** Opening Listed records block **

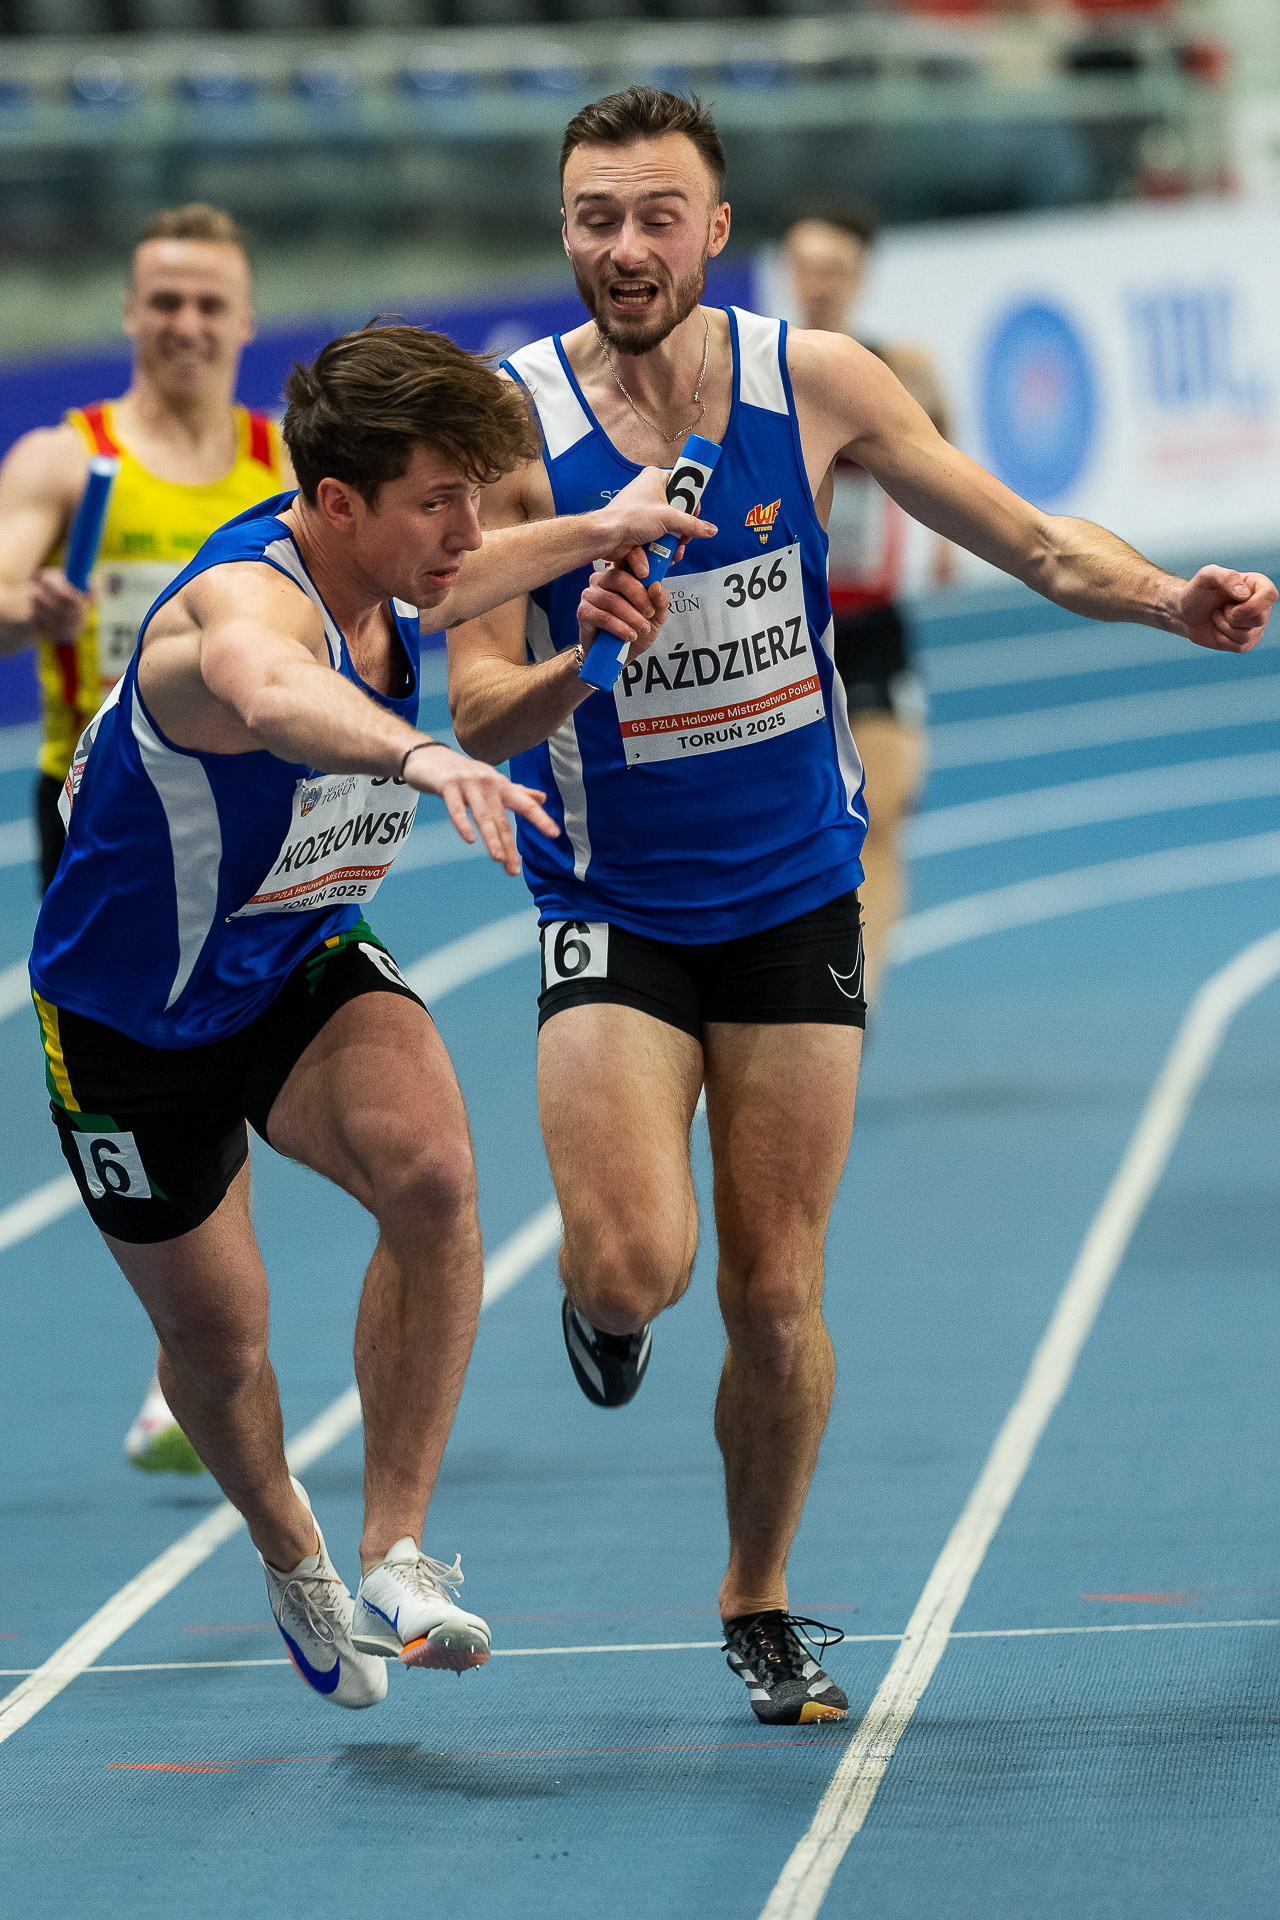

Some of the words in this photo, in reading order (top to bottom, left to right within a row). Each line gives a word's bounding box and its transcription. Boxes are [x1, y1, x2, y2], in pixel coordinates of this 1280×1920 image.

[666, 466, 705, 516] 6
[745, 499, 782, 527] AWF
[668, 594, 700, 613] RUŃ
[723, 557, 788, 608] 366
[621, 615, 807, 697] PAŹDZIERZ
[631, 722, 650, 733] 69.
[652, 718, 679, 731] PZLA
[681, 710, 725, 727] Halowe
[727, 692, 787, 718] Mistrzostwa
[788, 679, 816, 698] Polski
[677, 722, 743, 749] TORUŃ
[746, 712, 786, 737] 2025
[274, 805, 417, 876] KOZŁOWSKI
[281, 886, 327, 910] TORUŃ
[327, 885, 368, 899] 2025
[324, 867, 380, 883] Mistrzostwa
[554, 920, 591, 978] 6
[90, 1138, 131, 1193] 6

** Closing Listed records block **

> Activity
Output the data exactly. Pictures don't belong in the result.

> Result of this task
Some of the words in this photo, in reading order (top to bottom, left to right within a row). Each line gives a word's bounding box and its transcription. Boxes are [x1, y1, x2, y2], in pixel coordinates of this 1280×1920 image.

[666, 466, 705, 516] 6
[745, 499, 782, 527] AWF
[668, 594, 700, 613] RUŃ
[723, 557, 788, 608] 366
[621, 615, 807, 697] PAŹDZIERZ
[631, 722, 650, 733] 69.
[652, 718, 679, 731] PZLA
[681, 710, 725, 727] Halowe
[727, 692, 787, 718] Mistrzostwa
[788, 679, 816, 698] Polski
[677, 722, 743, 749] TORUŃ
[746, 712, 786, 737] 2025
[274, 805, 417, 876] KOZŁOWSKI
[281, 886, 327, 910] TORUŃ
[327, 885, 368, 899] 2025
[324, 867, 380, 883] Mistrzostwa
[554, 920, 591, 978] 6
[90, 1138, 131, 1193] 6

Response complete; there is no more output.